Aux 3419 migrantes et migrants morts dans le passage de la Méditerranée en 2014 se sont donc ajoutés 300 morts dans la seconde semaine de février 2015 au large de Lampedusa ; puis 400 « disparus » le dimanche 12 avril, 40 nouveaux morts le mercredi suivant et près de 700 le week-end dernier (la plupart des cadavres ne peuvent être identifiés, retenus qu’ils sont, femmes et enfants inclus, dans la cale où les migrants avaient été enfermés). Cette sinistre statistique correspond au bilan de la politique mortifère de contrôle et de bouclage des frontières menée par l’Union Européenne, de Ceuta et Mellila en face de Gibraltar au fleuve Evros en Grèce du Nord.
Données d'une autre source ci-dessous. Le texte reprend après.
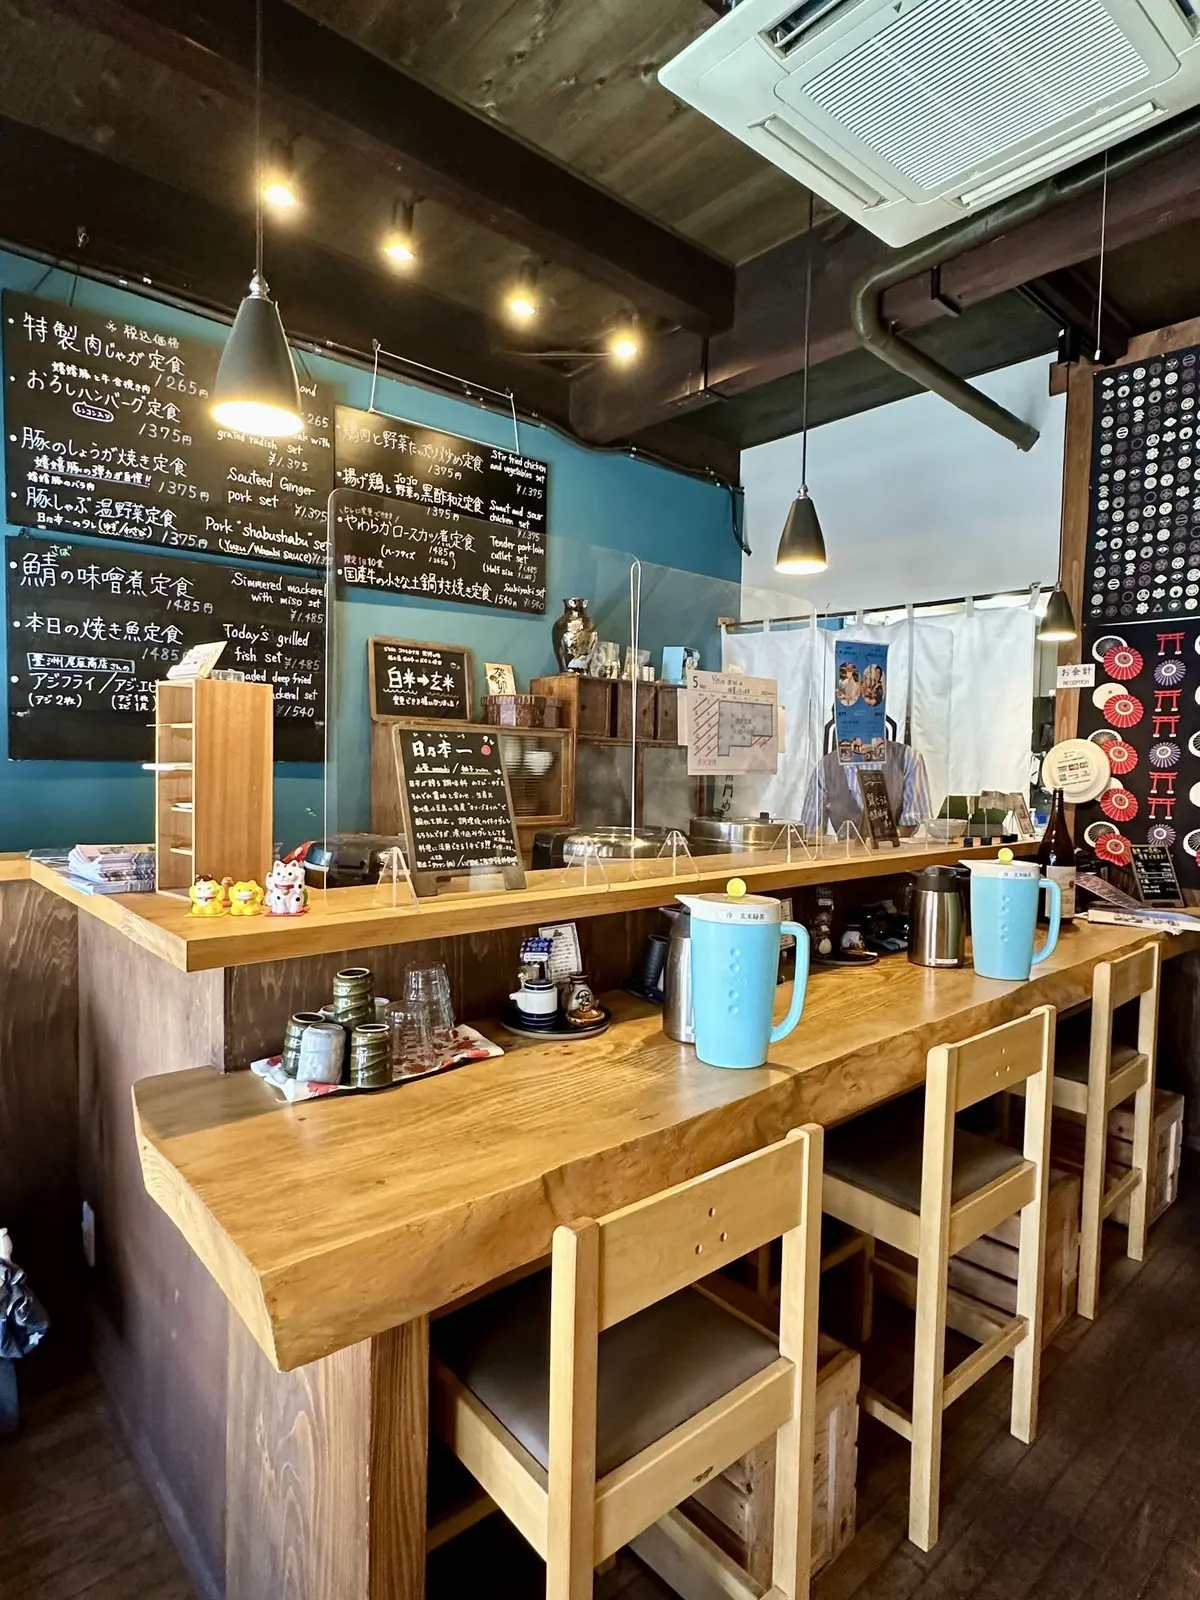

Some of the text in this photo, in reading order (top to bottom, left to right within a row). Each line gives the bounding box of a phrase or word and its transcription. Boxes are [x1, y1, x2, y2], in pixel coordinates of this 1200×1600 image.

La France n’échappe pas à cette politique d’érection de barrières physiques et de contrôles policiers opposés à migrantes et migrants. Non content d’appuyer la politique de guerre menée par l’Europe contre les migrants en Méditerranée, le ministre de l’Intérieur Bernard Cazeneuve conduit à Calais, à l’égard de celles et ceux qui ont survécu et qui tentent de rejoindre l’Angleterre, la même politique de blocage, de répression et de renvoi : les campements de fortune des migrants viennent d’être évacués pour être réunis loin de tout, dans un « bidonville d’Etat », sur une ancienne décharge.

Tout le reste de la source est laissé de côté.